::: Record excerpts :::

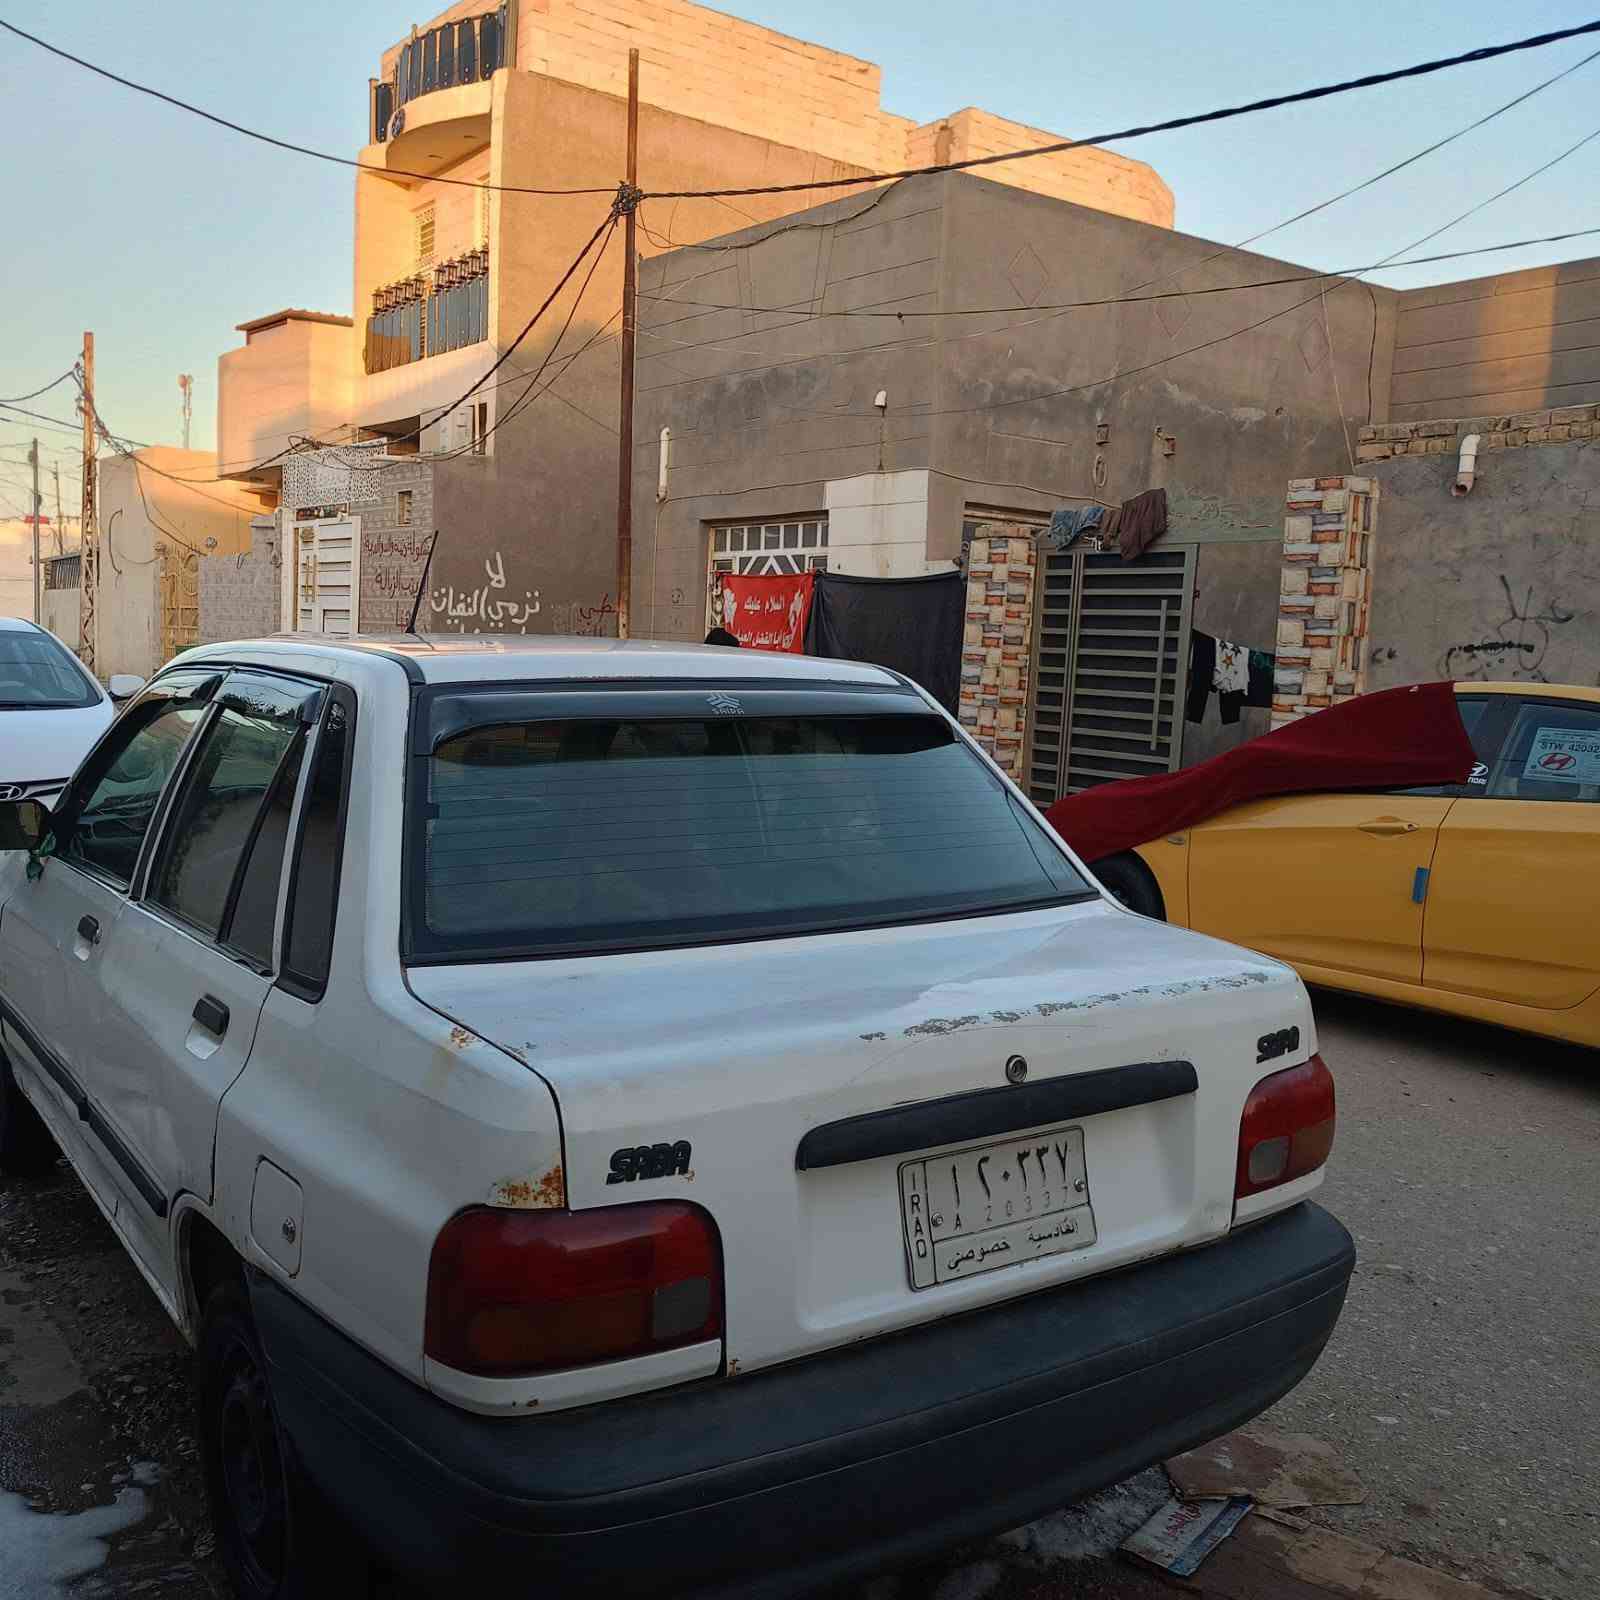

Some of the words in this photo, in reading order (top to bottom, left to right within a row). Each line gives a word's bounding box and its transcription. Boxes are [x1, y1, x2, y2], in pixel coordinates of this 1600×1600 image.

[486, 551, 506, 588] لا
[743, 595, 761, 615] عليك
[765, 594, 785, 616] السلام
[711, 707, 744, 717] SAIPA
[1028, 1220, 1079, 1249] القادسية
[947, 1239, 1011, 1272] خصوصي

:::

Copy the data above word for word. Pictures stay out.

> [Exercise solution]:
Some of the words in this photo, in reading order (top to bottom, left to right within a row). Each line gives a word's bounding box and its transcription. Boxes are [x1, y1, x2, y2], in pixel coordinates of this 1600×1600 image.

[486, 551, 506, 588] لا
[743, 595, 761, 615] عليك
[765, 594, 785, 616] السلام
[711, 707, 744, 717] SAIPA
[1028, 1220, 1079, 1249] القادسية
[947, 1239, 1011, 1272] خصوصي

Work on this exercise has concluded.